§ **Description of the task**: Return each record word for word, keeping none of its pictures.

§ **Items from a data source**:
━━━━━━━━━━━━━━━━
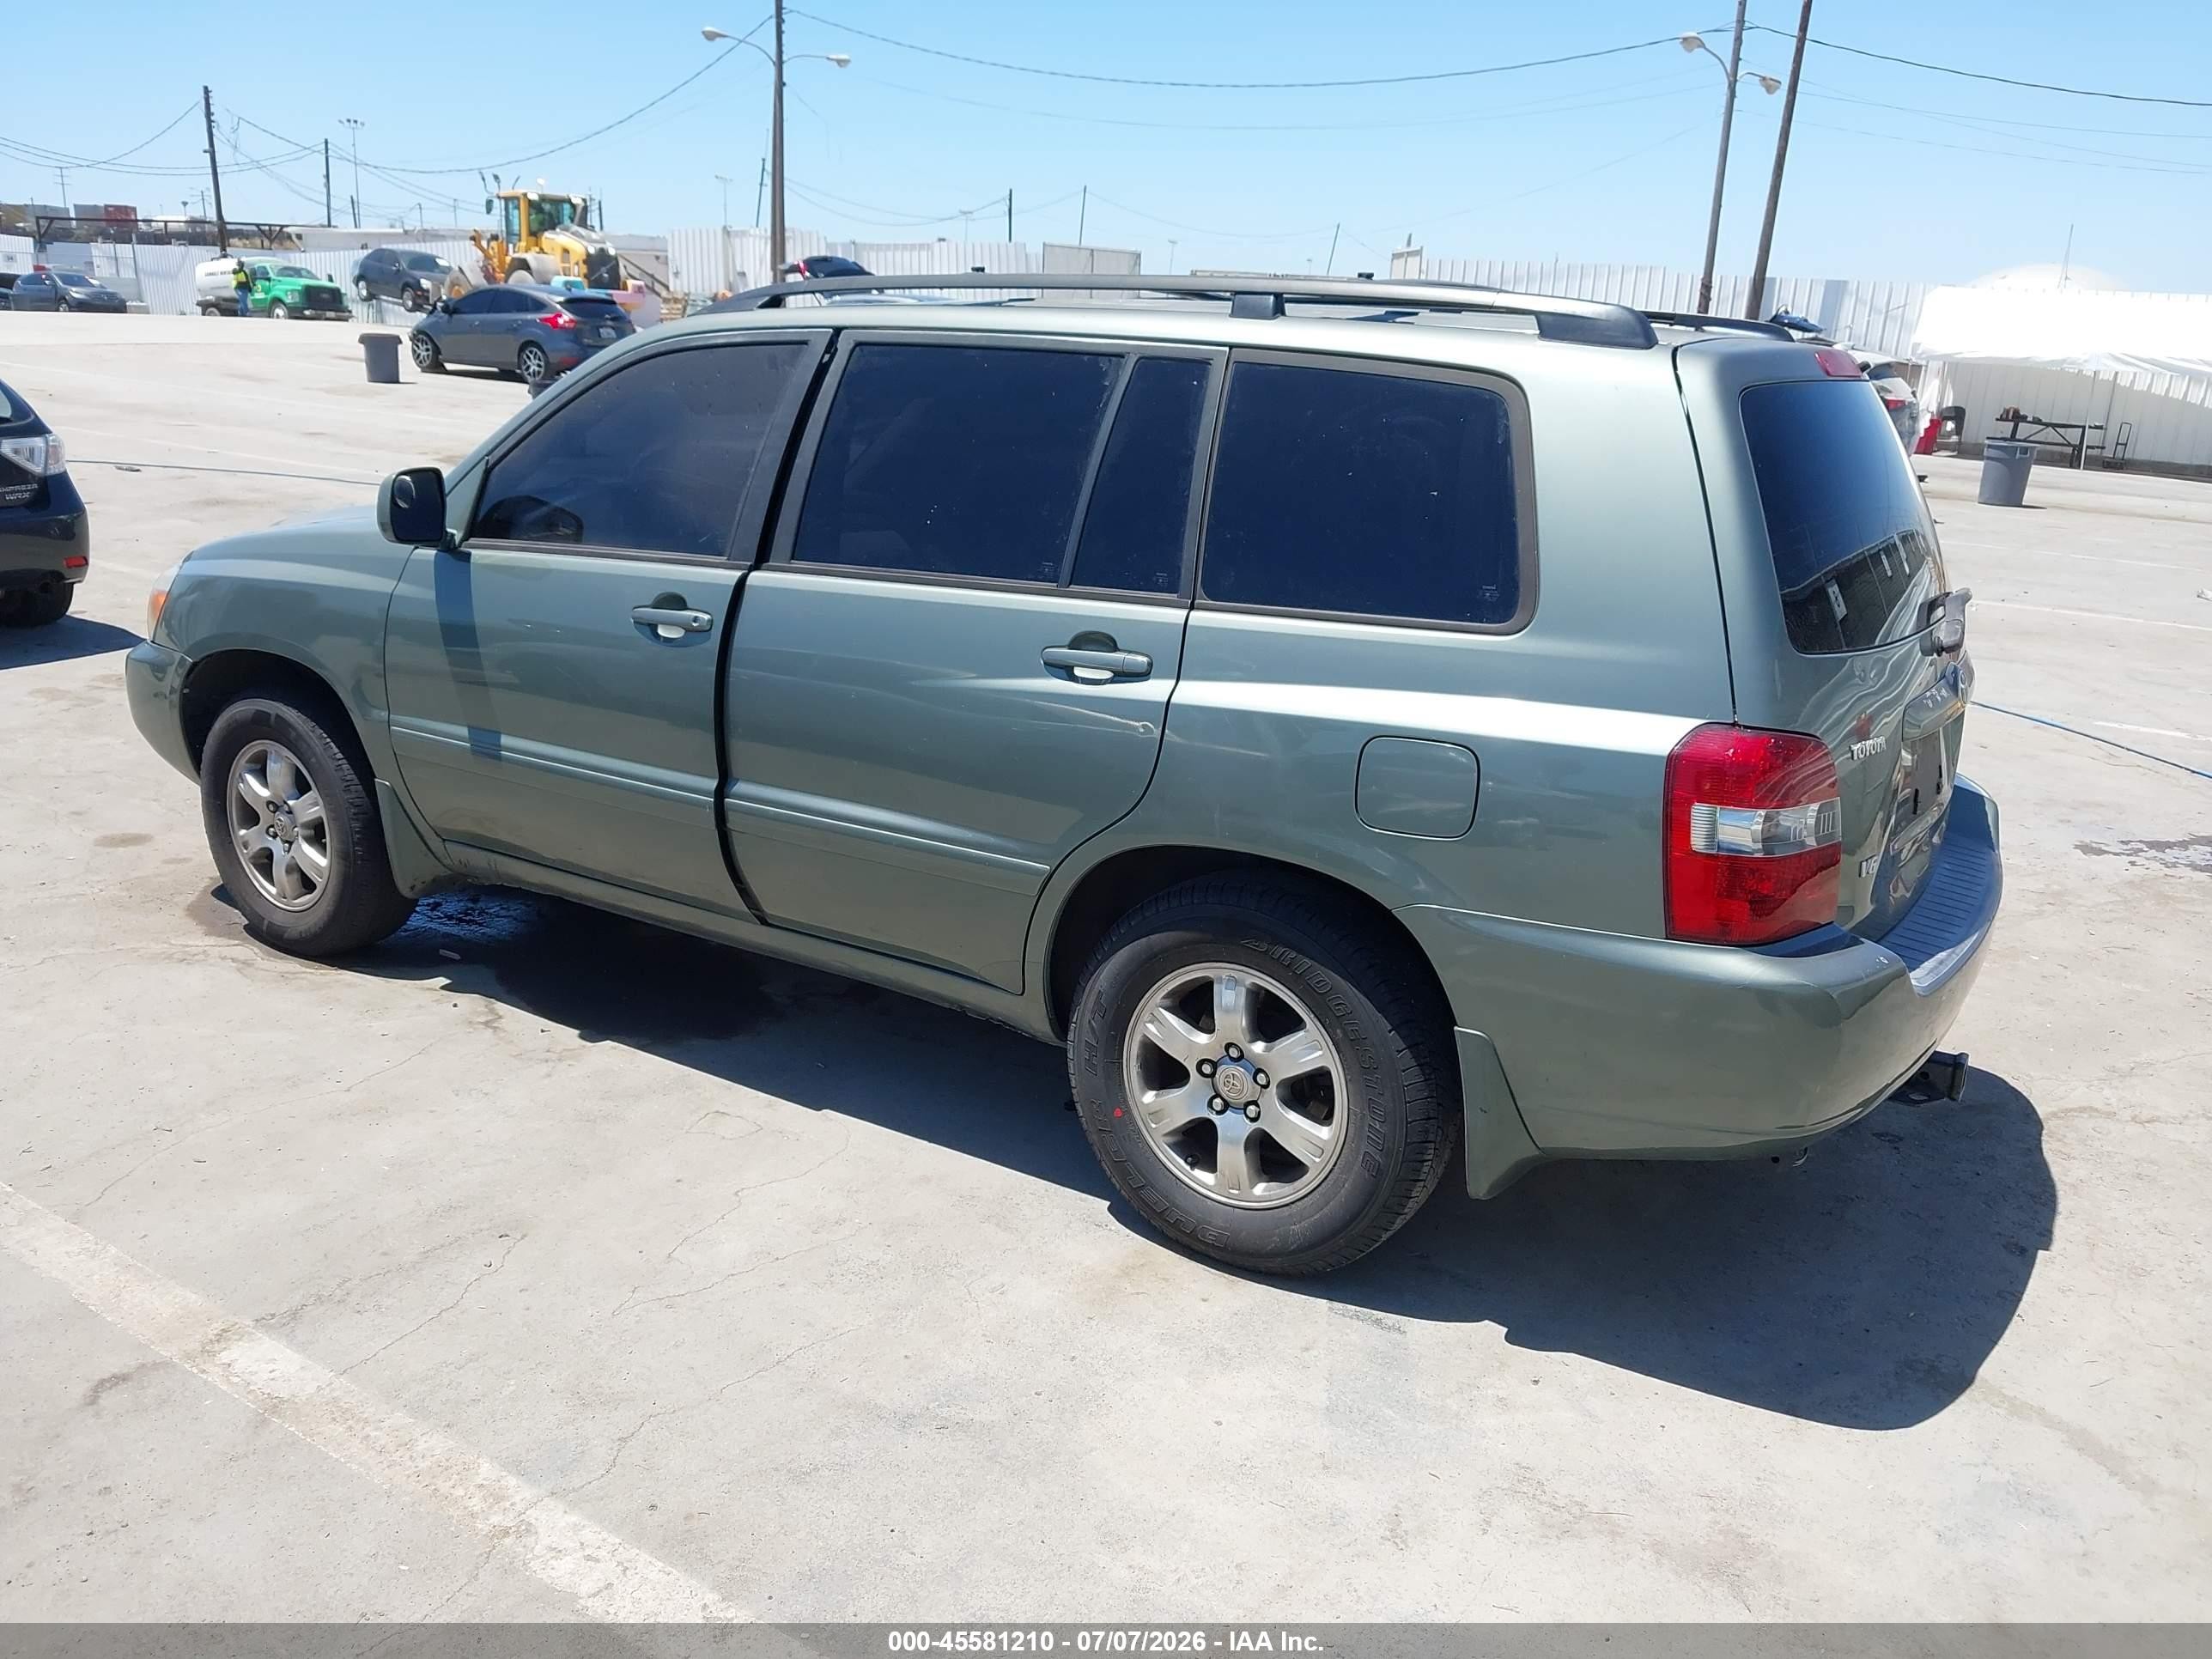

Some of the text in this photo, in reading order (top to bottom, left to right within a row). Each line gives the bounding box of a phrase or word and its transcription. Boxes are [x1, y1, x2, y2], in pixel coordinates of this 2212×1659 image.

[5, 491, 30, 500] WRX
[1850, 735, 1887, 761] TOYOTA
[1858, 854, 1879, 878] V6
[1240, 937, 1388, 1178] BRIDGESTONE
━━━━━━━━━━━━━━━━
§ **Reply to the exercise**:
Some of the text in this photo, in reading order (top to bottom, left to right within a row). Each line gives the bounding box of a phrase or word and its transcription. Boxes are [x1, y1, x2, y2], in pixel coordinates of this 2212×1659 image.

[5, 491, 30, 500] WRX
[1850, 735, 1887, 761] TOYOTA
[1858, 854, 1879, 878] V6
[1240, 937, 1388, 1178] BRIDGESTONE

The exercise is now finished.